Exercise directions: Please give the data again in full, precisely as it is written.

= = = = =

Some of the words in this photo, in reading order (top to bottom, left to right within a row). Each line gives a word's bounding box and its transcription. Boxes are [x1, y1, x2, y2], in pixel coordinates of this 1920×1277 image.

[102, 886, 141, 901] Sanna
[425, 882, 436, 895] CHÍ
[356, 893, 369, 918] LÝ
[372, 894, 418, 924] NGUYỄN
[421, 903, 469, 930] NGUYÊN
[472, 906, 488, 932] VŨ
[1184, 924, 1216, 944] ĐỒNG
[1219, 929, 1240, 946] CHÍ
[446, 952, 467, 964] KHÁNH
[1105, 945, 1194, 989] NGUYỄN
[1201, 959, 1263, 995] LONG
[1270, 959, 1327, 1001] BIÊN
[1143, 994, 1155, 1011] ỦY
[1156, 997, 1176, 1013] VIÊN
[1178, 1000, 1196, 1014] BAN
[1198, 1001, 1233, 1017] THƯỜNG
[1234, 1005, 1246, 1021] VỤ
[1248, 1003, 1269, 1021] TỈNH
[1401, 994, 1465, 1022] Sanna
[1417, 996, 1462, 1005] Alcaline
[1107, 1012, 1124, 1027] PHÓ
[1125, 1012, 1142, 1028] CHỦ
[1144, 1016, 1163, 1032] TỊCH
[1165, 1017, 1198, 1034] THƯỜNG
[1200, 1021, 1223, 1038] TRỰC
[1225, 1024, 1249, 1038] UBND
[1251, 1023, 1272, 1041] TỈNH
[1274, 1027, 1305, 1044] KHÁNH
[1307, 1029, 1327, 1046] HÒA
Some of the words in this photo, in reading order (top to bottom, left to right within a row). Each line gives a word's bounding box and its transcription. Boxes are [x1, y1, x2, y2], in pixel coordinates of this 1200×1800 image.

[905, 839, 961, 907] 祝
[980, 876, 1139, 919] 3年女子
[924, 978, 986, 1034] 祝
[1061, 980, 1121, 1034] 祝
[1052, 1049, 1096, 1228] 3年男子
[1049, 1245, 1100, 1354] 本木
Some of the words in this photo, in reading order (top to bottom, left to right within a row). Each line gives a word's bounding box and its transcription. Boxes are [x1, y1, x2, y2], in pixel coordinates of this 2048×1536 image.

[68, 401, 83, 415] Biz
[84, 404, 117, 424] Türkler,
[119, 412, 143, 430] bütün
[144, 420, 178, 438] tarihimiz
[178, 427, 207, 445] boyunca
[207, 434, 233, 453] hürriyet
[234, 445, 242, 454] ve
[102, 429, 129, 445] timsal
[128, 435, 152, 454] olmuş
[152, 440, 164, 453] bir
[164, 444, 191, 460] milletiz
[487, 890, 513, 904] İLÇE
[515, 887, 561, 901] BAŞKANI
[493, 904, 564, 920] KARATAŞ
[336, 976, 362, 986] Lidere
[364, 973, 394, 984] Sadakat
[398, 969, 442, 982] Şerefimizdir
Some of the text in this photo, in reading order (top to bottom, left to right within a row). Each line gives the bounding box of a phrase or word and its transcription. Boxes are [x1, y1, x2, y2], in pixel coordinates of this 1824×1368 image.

= = = = =

Response to the exercise:
Some of the words in this photo, in reading order (top to bottom, left to right within a row). Each line gives a word's bounding box and its transcription. Boxes are [x1, y1, x2, y2], in pixel coordinates of this 1920×1277 image.

[102, 886, 141, 901] Sanna
[425, 882, 436, 895] CHÍ
[356, 893, 369, 918] LÝ
[372, 894, 418, 924] NGUYỄN
[421, 903, 469, 930] NGUYÊN
[472, 906, 488, 932] VŨ
[1184, 924, 1216, 944] ĐỒNG
[1219, 929, 1240, 946] CHÍ
[446, 952, 467, 964] KHÁNH
[1105, 945, 1194, 989] NGUYỄN
[1201, 959, 1263, 995] LONG
[1270, 959, 1327, 1001] BIÊN
[1143, 994, 1155, 1011] ỦY
[1156, 997, 1176, 1013] VIÊN
[1178, 1000, 1196, 1014] BAN
[1198, 1001, 1233, 1017] THƯỜNG
[1234, 1005, 1246, 1021] VỤ
[1248, 1003, 1269, 1021] TỈNH
[1401, 994, 1465, 1022] Sanna
[1417, 996, 1462, 1005] Alcaline
[1107, 1012, 1124, 1027] PHÓ
[1125, 1012, 1142, 1028] CHỦ
[1144, 1016, 1163, 1032] TỊCH
[1165, 1017, 1198, 1034] THƯỜNG
[1200, 1021, 1223, 1038] TRỰC
[1225, 1024, 1249, 1038] UBND
[1251, 1023, 1272, 1041] TỈNH
[1274, 1027, 1305, 1044] KHÁNH
[1307, 1029, 1327, 1046] HÒA
Some of the words in this photo, in reading order (top to bottom, left to right within a row). Each line gives a word's bounding box and its transcription. Boxes are [x1, y1, x2, y2], in pixel coordinates of this 1200×1800 image.

[905, 839, 961, 907] 祝
[980, 876, 1139, 919] 3年女子
[924, 978, 986, 1034] 祝
[1061, 980, 1121, 1034] 祝
[1052, 1049, 1096, 1228] 3年男子
[1049, 1245, 1100, 1354] 本木
Some of the words in this photo, in reading order (top to bottom, left to right within a row). Each line gives a word's bounding box and its transcription. Boxes are [x1, y1, x2, y2], in pixel coordinates of this 2048×1536 image.

[68, 401, 83, 415] Biz
[84, 404, 117, 424] Türkler,
[119, 412, 143, 430] bütün
[144, 420, 178, 438] tarihimiz
[178, 427, 207, 445] boyunca
[207, 434, 233, 453] hürriyet
[234, 445, 242, 454] ve
[102, 429, 129, 445] timsal
[128, 435, 152, 454] olmuş
[152, 440, 164, 453] bir
[164, 444, 191, 460] milletiz
[487, 890, 513, 904] İLÇE
[515, 887, 561, 901] BAŞKANI
[493, 904, 564, 920] KARATAŞ
[336, 976, 362, 986] Lidere
[364, 973, 394, 984] Sadakat
[398, 969, 442, 982] Şerefimizdir
Some of the text in this photo, in reading order (top to bottom, left to right within a row). Each line gives the bounding box of a phrase or word and its transcription. Boxes are [x1, y1, x2, y2], in pixel coordinates of this 1824×1368 image.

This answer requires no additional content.